Cominciai a pensare che in quel momento non fosse legittima la sua stessa presenza, anche se non avesse avuto l’abitudine di mettere le zampe nel sale o nella scodella del burro fuso. In quell’occasione esso credé d’esser stato chiamato espressamente per dar la caccia a Traddles; e abbaiava al mio vecchio amico e faceva degli assalti sul suo piatto, con tanta indomabile pertinacia, da formar lui solo l’unico soggetto della conversazione.
Ma conoscendo il cuor tenero di Dora, e come fosse sensibile sul punto del suo favorito, che non si poteva trattar leggermente, non feci alcuna obbiezione. Per la stessa ragione non feci alcuna allusione alla scherma ch’esso faceva coi piatti sul pavimento; né alla cattiva disposizione delle posate, delle oliere e delle saliere, messe in gruppo di cinque o sei, alla rinfusa; né all’ulteriore blocco di Traddles per mezzo dei piatti vaganti e delle bottiglie.
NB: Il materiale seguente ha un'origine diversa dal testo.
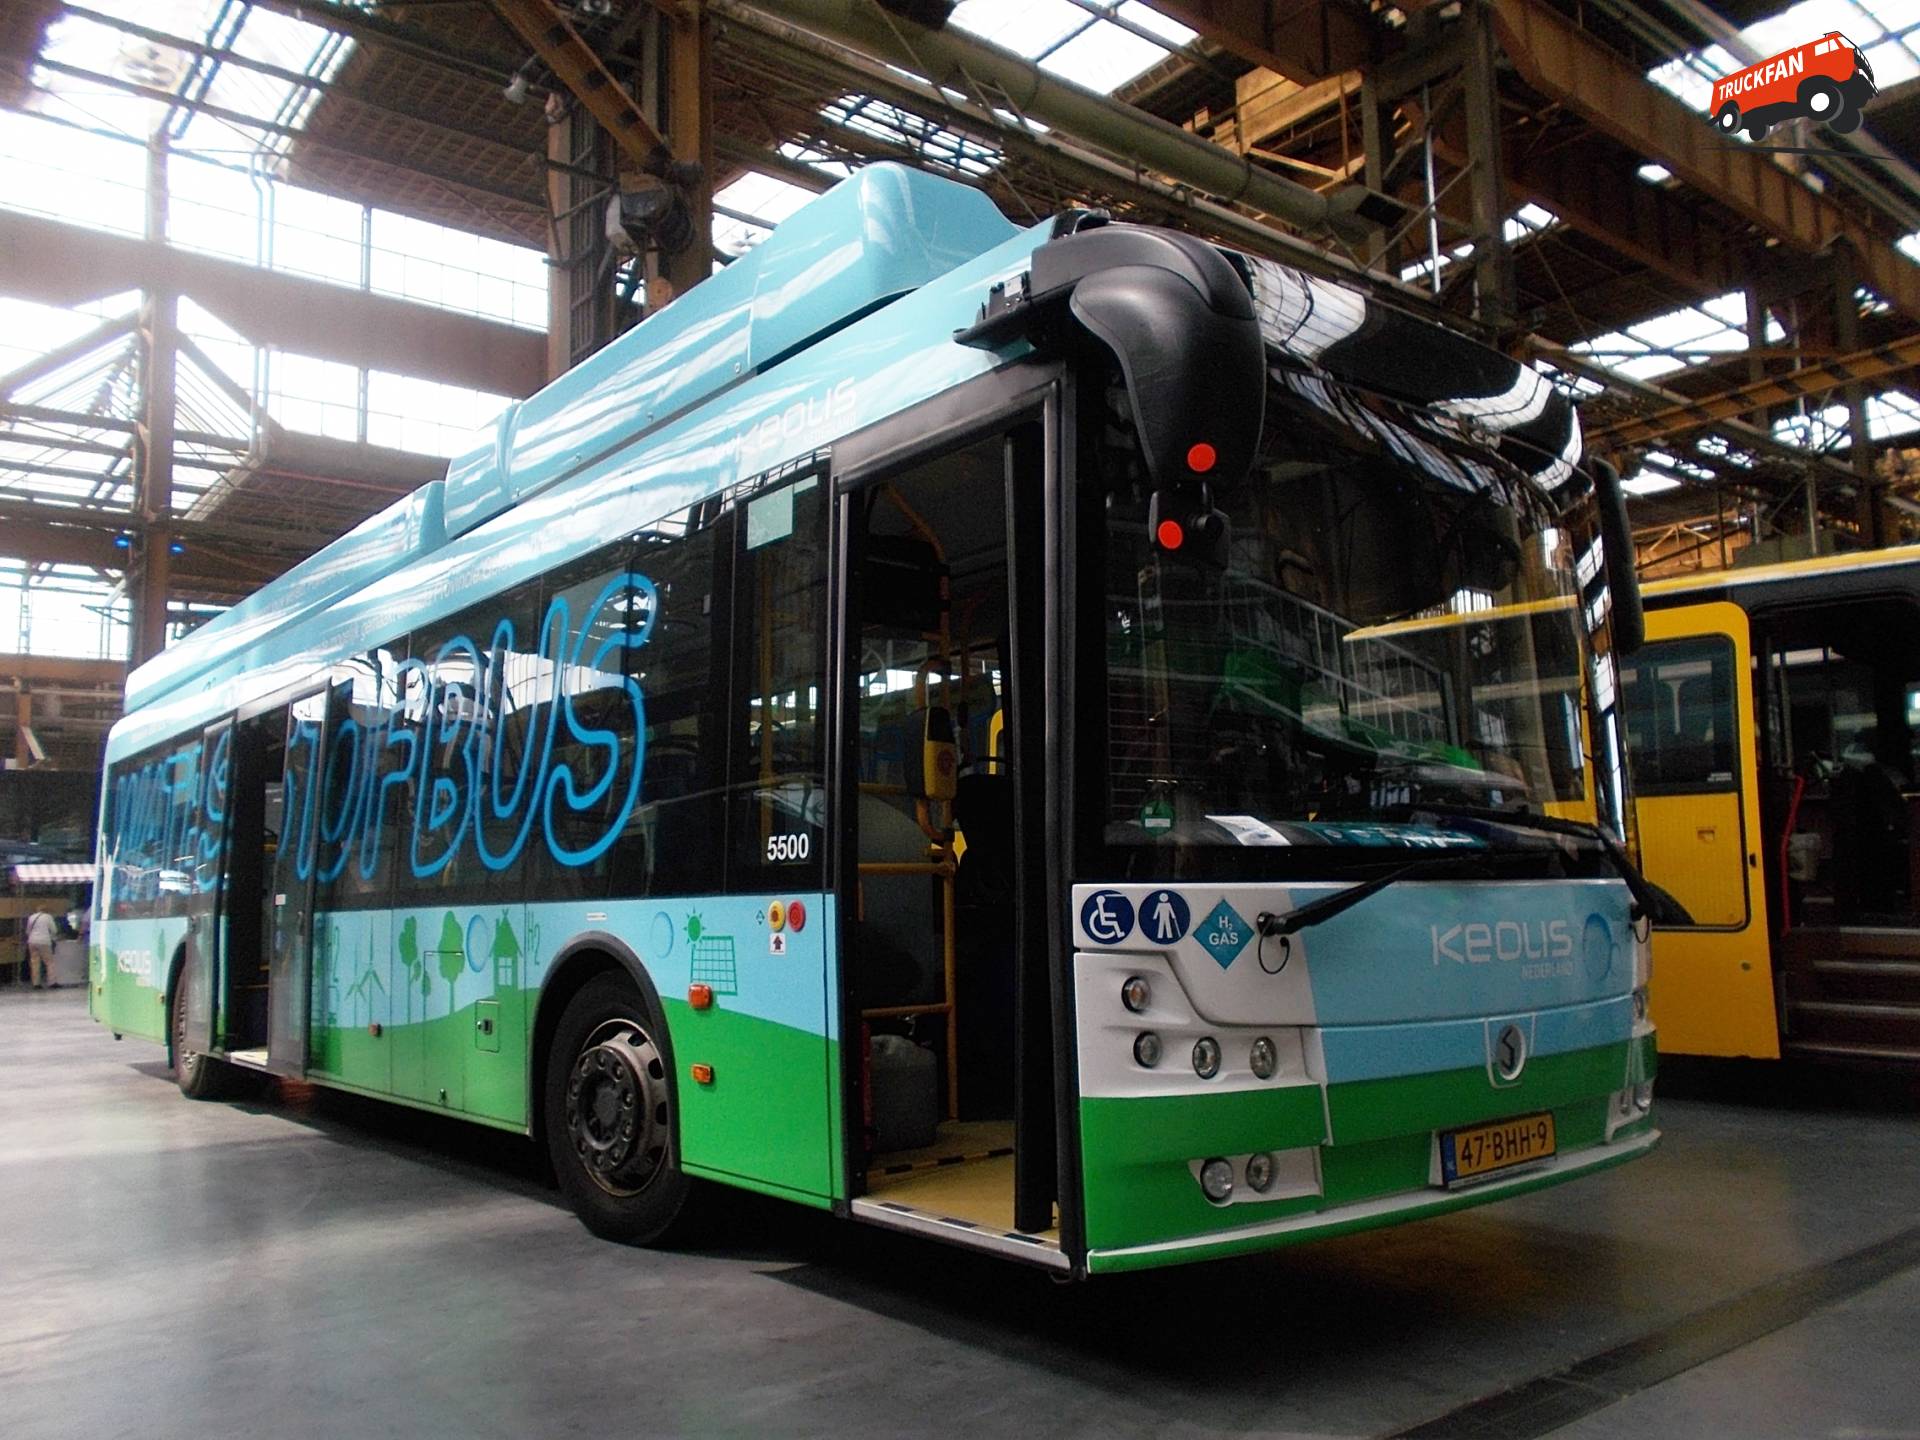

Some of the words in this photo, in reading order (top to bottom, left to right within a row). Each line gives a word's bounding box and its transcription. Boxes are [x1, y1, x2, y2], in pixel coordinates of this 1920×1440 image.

[766, 833, 810, 861] 5500
[1208, 931, 1239, 946] GAS
[1461, 1120, 1548, 1169] 47-BHH-9
Ma non potevo fare a meno dal pensare, mentre stavo in contemplazione del cosciotto di castrato allesso, che mi stava dinanzi, prima di tagliarlo, come avvenisse che i cosciotti che compravamo noi fossero sempre di forma così strana, e che il nostro macellaio avesse per principio di fare incetta di tutte le pecore deformi che venivano al mondo; ma non feci parte a nessuno delle mie riflessioni.
– Amor mio – dissi a Dora – che hai in quel piatto?
Non sapevo spiegarmi perché Dora stesse da alcuni istanti facendo delle piccole smorfie con le labbra, come se volesse far l’atto di baciarmi.
– Ostriche, caro – disse timidamente Dora.